Первобытные люди не вполне еще отделились от животного мира. Они тоже должны были жить настороже, потому что все чужое, неизвестное в любой момент могло обернуться бедой. И в первую очередь понятие «чужой» относилось к другим племенам, поскольку наибольшая угроза, подлинная или мнимая, исходила именно от них. Они говорили на другом языке, соблюдали другие обычаи, и вполне естественно поэтому демонизировались, их представители расценивались не просто как враги, а как нелюди. Чужого зачастую просто съедали. Каннибализм в первобытном обществе был широко распространен. Людоедство имело под собой религиозно-мистическую основу – веру в то, что сила и свойства жертвы при соблюдении определенных ритуалов переходят к тому, кто ее поедает.
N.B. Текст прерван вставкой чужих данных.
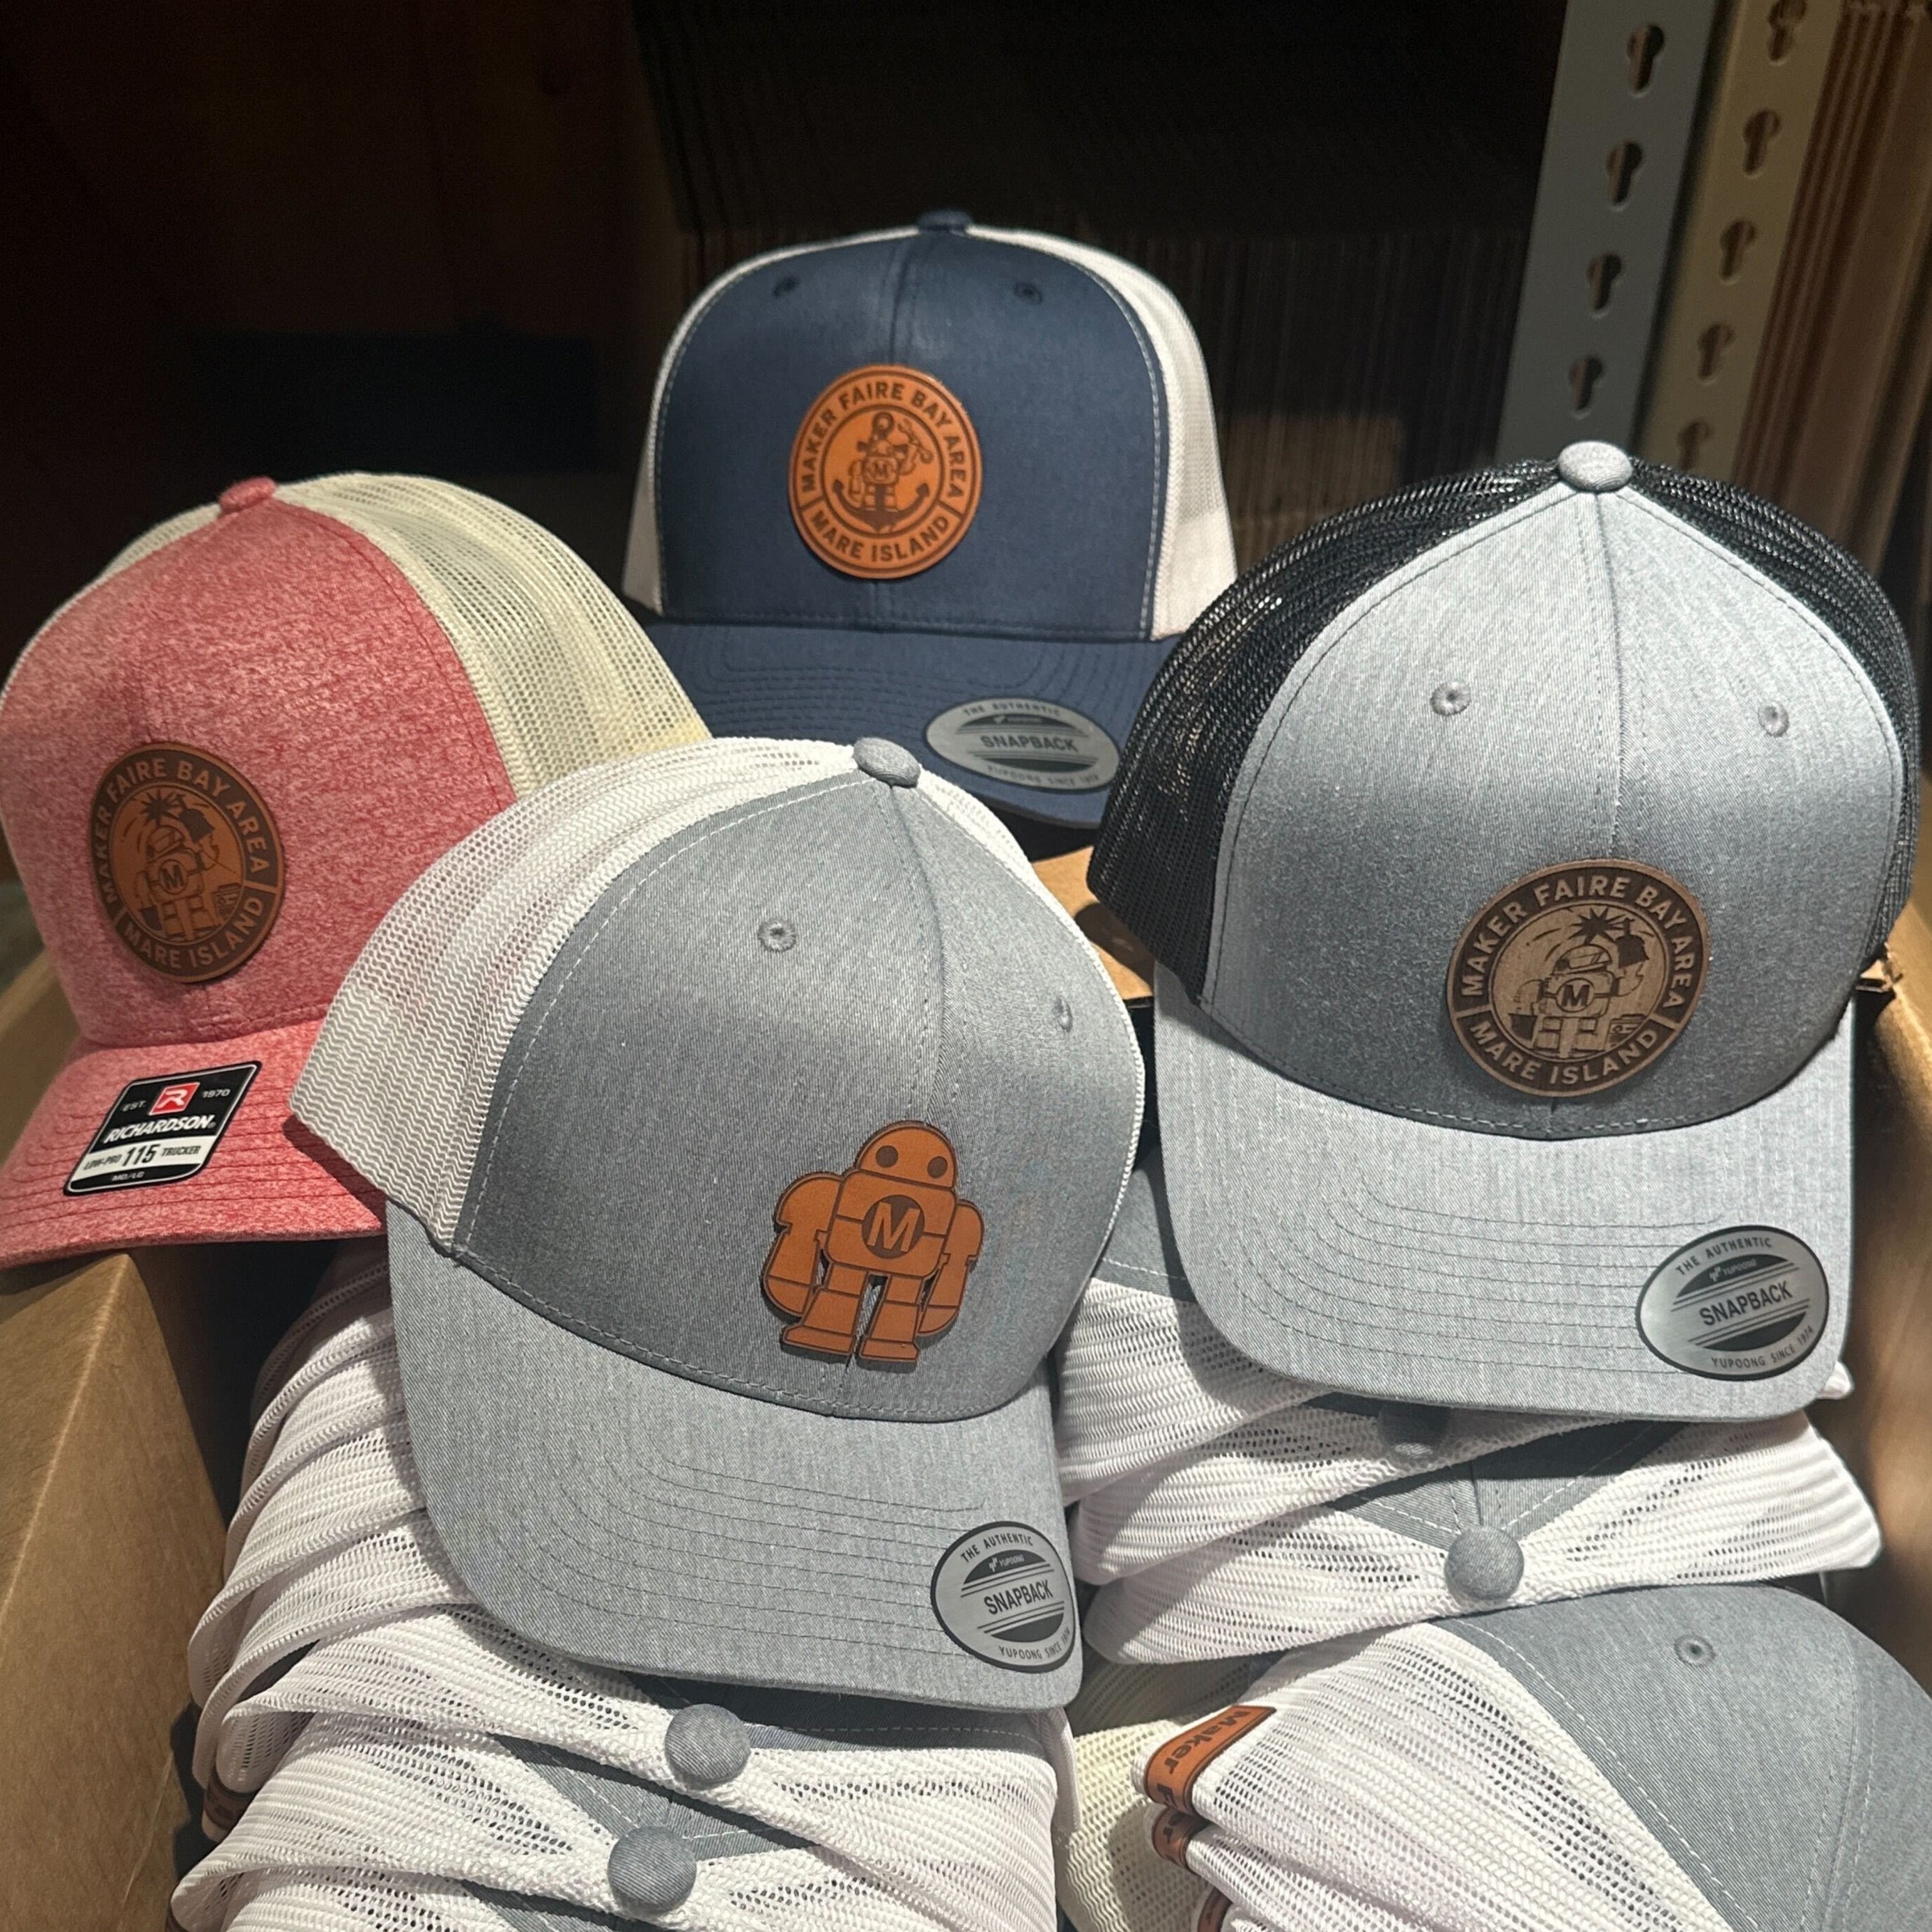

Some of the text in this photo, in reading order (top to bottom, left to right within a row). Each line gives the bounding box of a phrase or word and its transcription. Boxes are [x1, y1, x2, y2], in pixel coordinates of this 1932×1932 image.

[801, 382, 967, 498] MAKER FAIRE BAY AREA
[811, 510, 949, 562] MARE ISLAND
[980, 734, 1079, 752] SNAPBACK
[107, 757, 167, 803] FAIRE
[177, 761, 231, 797] BAY
[226, 802, 270, 873] AREA
[163, 864, 185, 888] M
[123, 897, 263, 969] MARE ISLAND
[1461, 875, 1696, 1010] MAKER FAIRE BAY AREA
[1561, 983, 1589, 1008] M
[1469, 1019, 1658, 1085] MARE ISLAND
[202, 1088, 231, 1099] 1970
[103, 1115, 215, 1144] RICHARDSON
[83, 1144, 202, 1171] LOW-PRO 115 TRUCKER
[867, 1201, 921, 1253] M
[1675, 1237, 1772, 1276] THE AUTHENTIC
[1699, 1280, 1793, 1327] SNAPBACK
[1711, 1357, 1765, 1369] YUPOONG
[1770, 1343, 1795, 1363] SINCE
[960, 1533, 1034, 1563] THE AUTHENTIC
[983, 1579, 1054, 1616] SNAPBACK
[998, 1641, 1062, 1660] YUPOONG SINCE
[1164, 1709, 1251, 1775] Maker
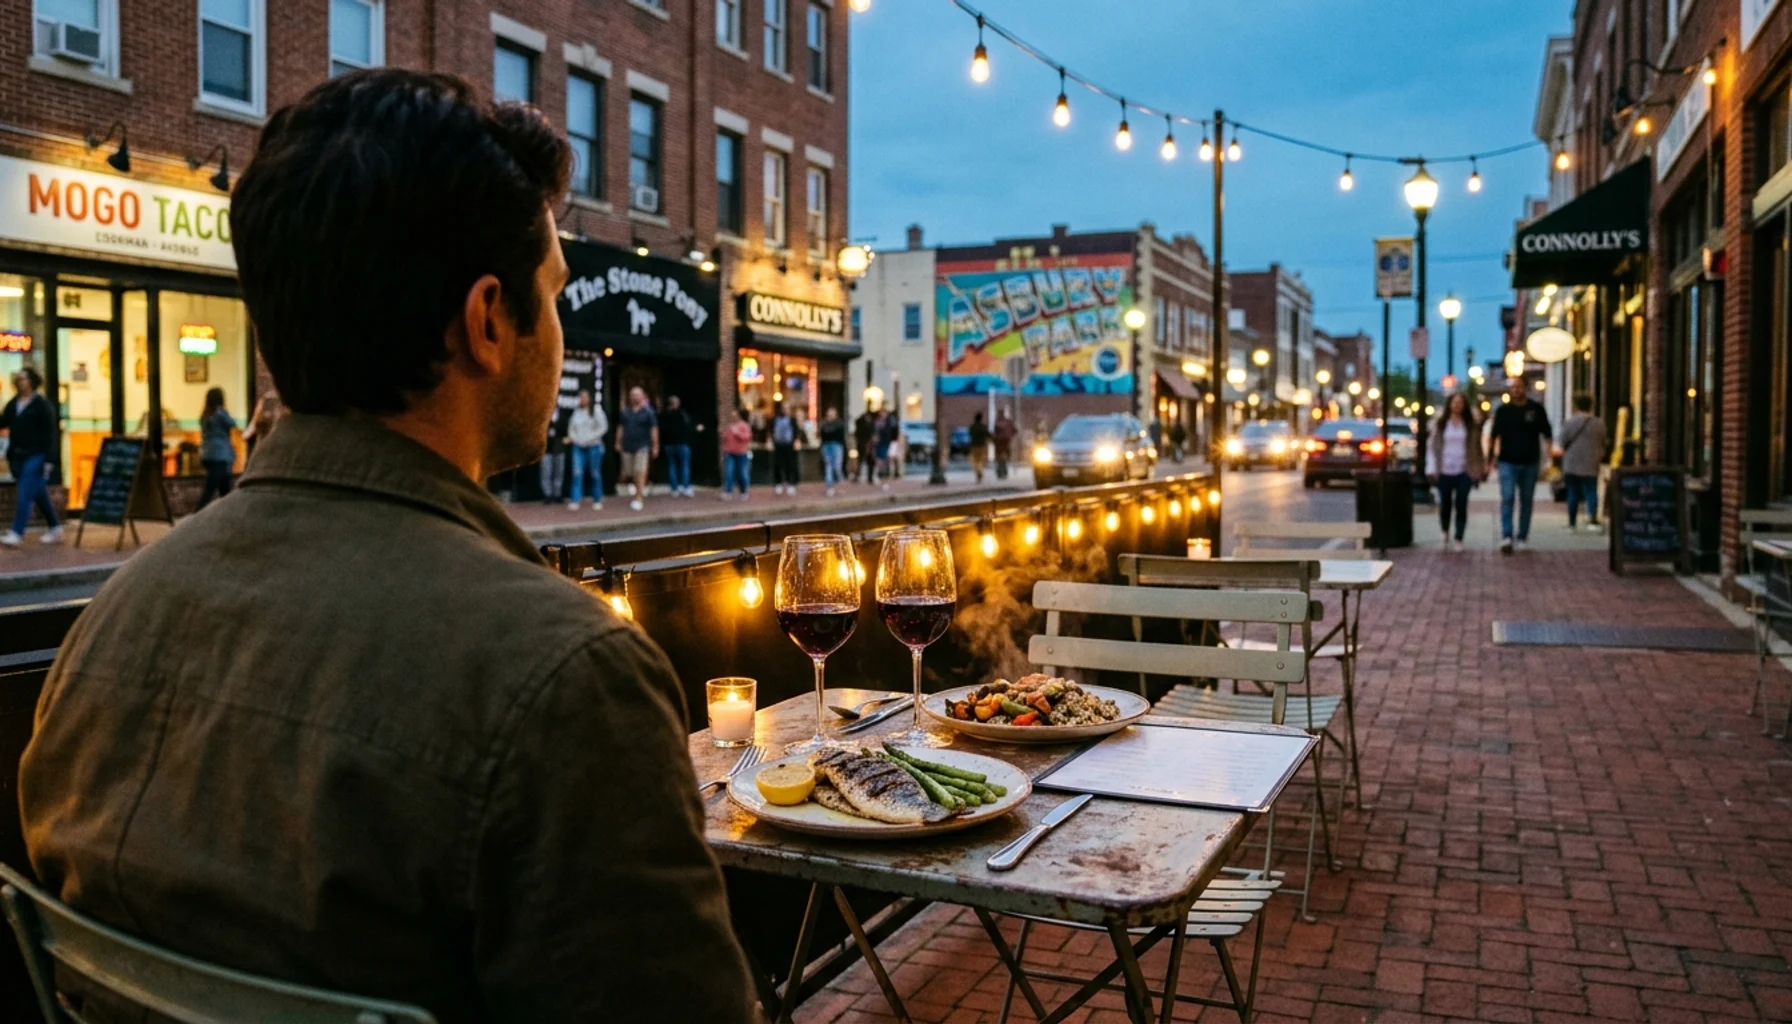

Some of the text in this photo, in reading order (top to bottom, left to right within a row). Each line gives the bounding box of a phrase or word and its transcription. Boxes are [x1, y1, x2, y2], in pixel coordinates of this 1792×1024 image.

[29, 173, 140, 229] MOGO
[1522, 230, 1640, 252] CONNOLLY'S
[565, 266, 709, 330] The Stone Pony
[750, 294, 842, 333] CONNOLLY'S
[949, 268, 1126, 366] ASBURY
[1022, 305, 1128, 366] PARK
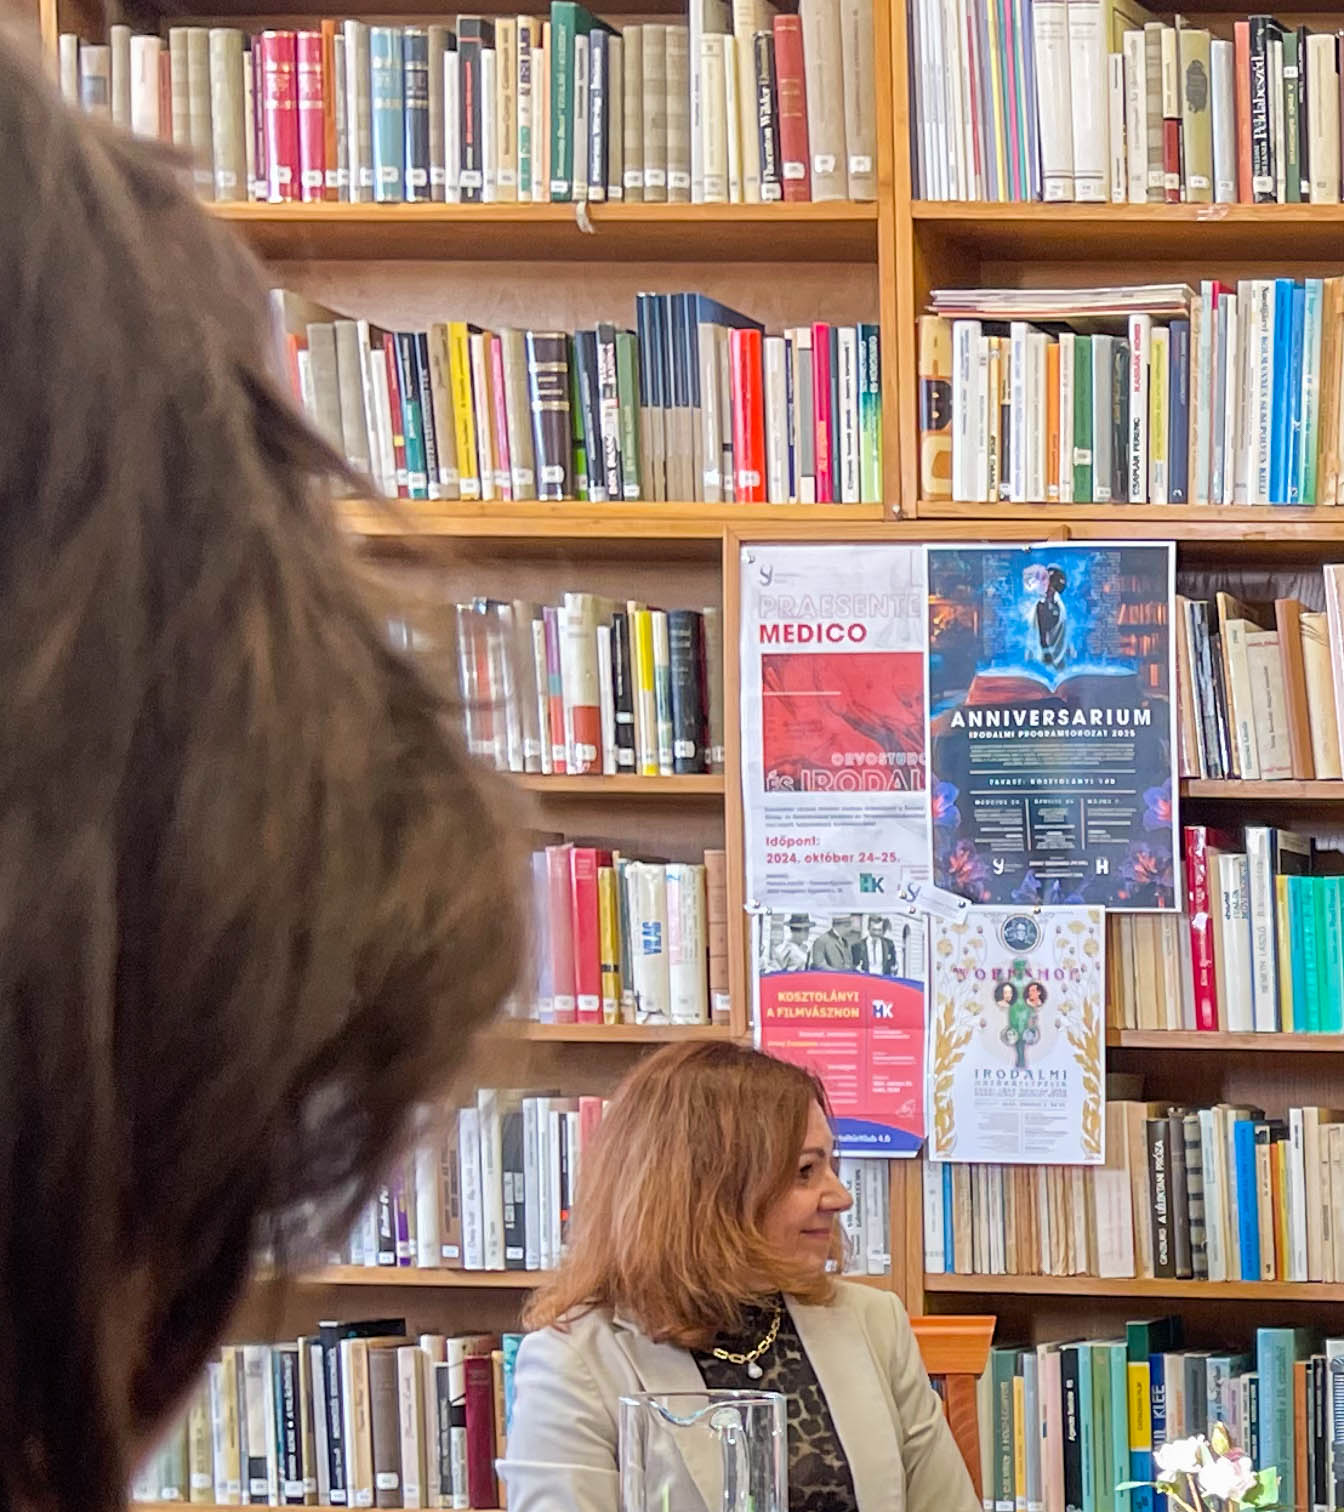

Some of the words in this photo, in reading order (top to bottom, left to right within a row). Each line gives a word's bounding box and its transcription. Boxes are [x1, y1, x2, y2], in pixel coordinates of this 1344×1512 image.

[759, 623, 867, 644] MEDICO
[951, 708, 1151, 728] ANNIVERSARIUM
[968, 730, 1015, 739] IRODALMI
[766, 836, 820, 849] Időpont:
[766, 853, 801, 865] 2024.
[804, 852, 854, 864] október
[778, 989, 859, 1003] KOSZTOLÁNYI
[766, 1007, 775, 1018] A
[777, 1005, 860, 1018] FILMVÁSZNON
[973, 1068, 1068, 1080] IRODALMI
[1154, 1139, 1165, 1170] PRÓZA
[1152, 1385, 1166, 1419] KLEE
Прошли тысячелетия, но древний инстинкт ксенофобии со всеми ее аксессуарами не исчез. Войны между странами порой начинаются из-за того, что каждая из сторон испытывает страх, что другая сторона нападет первой. Эти опасения сыграли роль, например, в развязывании Первой мировой войны. И, конечно, каждая из сторон демонизирует другую, ее представители рисуются варварами, зверьми, что, впрочем, нередко оказывается правдой по отношению к обеим сторонам. А в коммунистической Камбодже, где за несколько лет было истреблено около трети населения страны, нередкими были случаи, когда палачи съедали печень только что убитых ими людей, чтобы обрести их силу.

 

В первобытном обществе, в тех племенах, где практиковался каннибализм, чем больше врагов убьет молодой человек, чем больше черепов принесет домой, тем более завидным женихом он считался. Тот же, кто никого не убил и не принес домой ни одного черепа, считался никудышным женихом и ненастоящим мужчиной. Российские скинхеды в этом смысле – тоже охотники за головами. Они еще не перешли к каннибализму, но мораль у них того же сорта: место члена банды в ее иерархии определяется числом его «подвигов». Убийство «чужого» («черного», «инородца») считается у них доблестью, исполнением патриотического долга, заслуживающим награды. Не так давно описан случай, когда «бритоголовый», убив «инородца», тут же побежал покупать белые шнурки к своим армейским ботинкам – знак отличия, знак истинной принадлежности к расистской скинхедской группировке. Теперь собратья будут его уважать, а если убьет еще больше – станет лидером.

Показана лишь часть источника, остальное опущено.